* [WORK INSTRUCTION]
Repeat the records below verbatim, and do not copy their pictures.

* [RECORD EXTRACTS]

*** Block opens ***

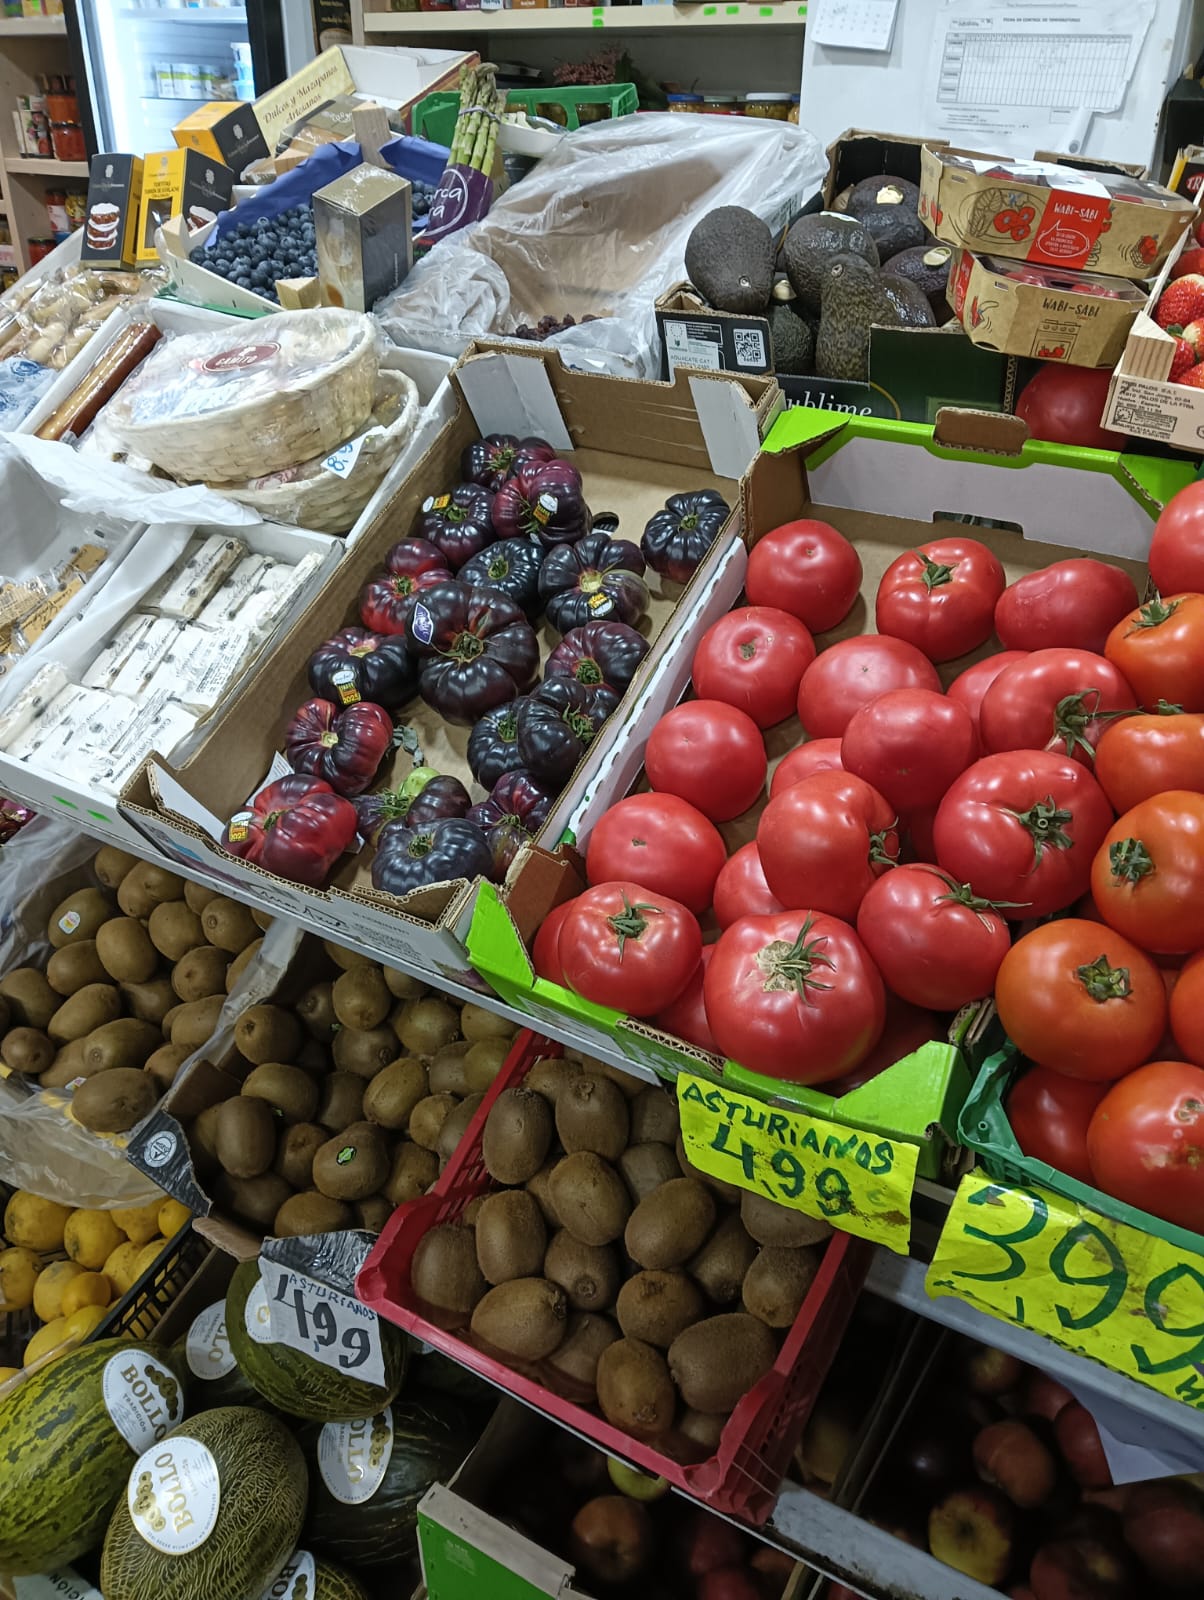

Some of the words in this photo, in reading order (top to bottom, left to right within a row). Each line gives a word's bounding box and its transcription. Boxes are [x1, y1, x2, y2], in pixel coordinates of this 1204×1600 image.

[1054, 202, 1099, 220] WABI-SABI
[1042, 297, 1101, 318] WABI-SABI
[682, 1082, 894, 1176] ASTURIANOS
[289, 1274, 377, 1321] ASTURIANOS
[120, 1362, 167, 1442] BOLLO
[122, 1392, 147, 1434] TRADICIÓN
[347, 1419, 367, 1485] OLLO
[154, 1452, 195, 1533] BOLLO
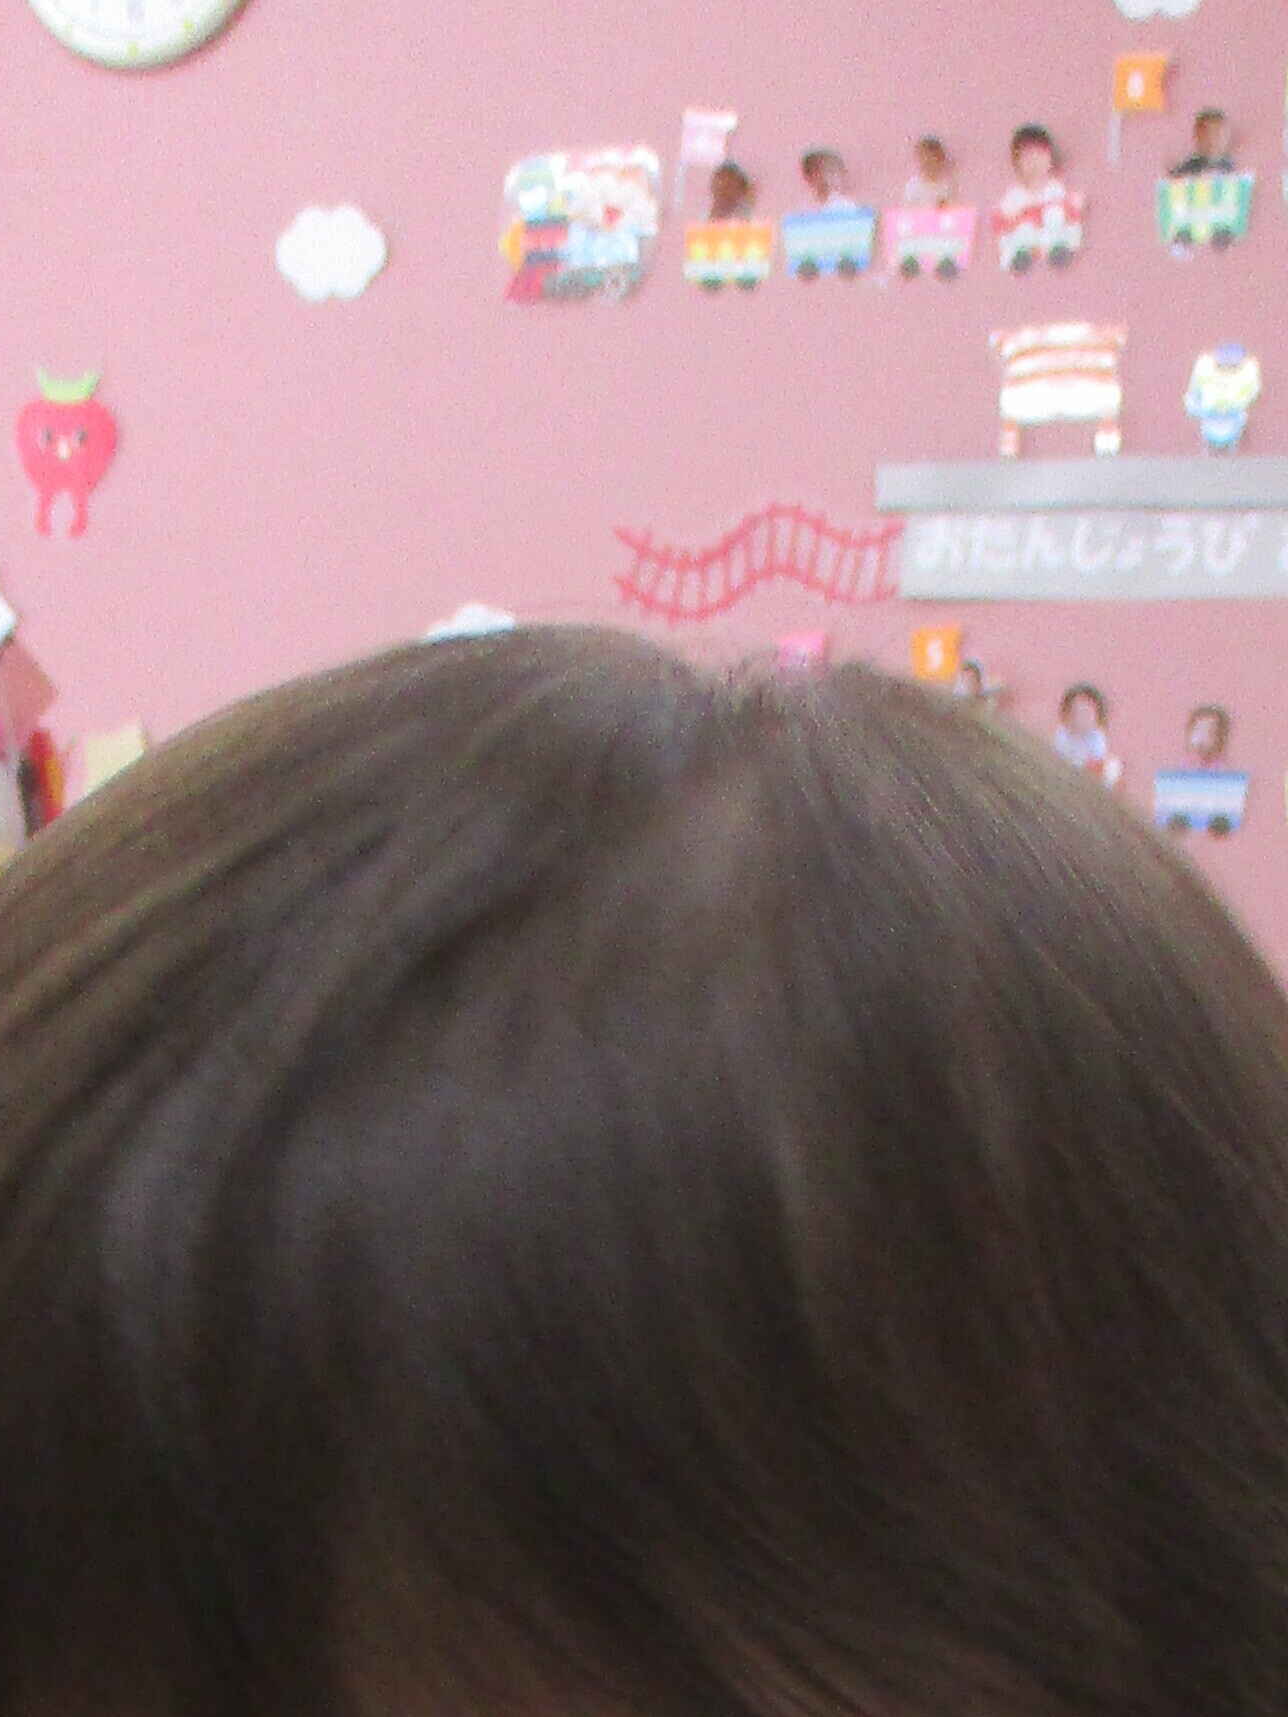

*** Block closes ***

* [WRITTEN ANSWER]
Some of the words in this photo, in reading order (top to bottom, left to right within a row). Each line gives a word's bounding box and its transcription. Boxes are [x1, y1, x2, y2], in pixel coordinates of this 1204×1600 image.

[1054, 202, 1099, 220] WABI-SABI
[1042, 297, 1101, 318] WABI-SABI
[682, 1082, 894, 1176] ASTURIANOS
[289, 1274, 377, 1321] ASTURIANOS
[120, 1362, 167, 1442] BOLLO
[122, 1392, 147, 1434] TRADICIÓN
[347, 1419, 367, 1485] OLLO
[154, 1452, 195, 1533] BOLLO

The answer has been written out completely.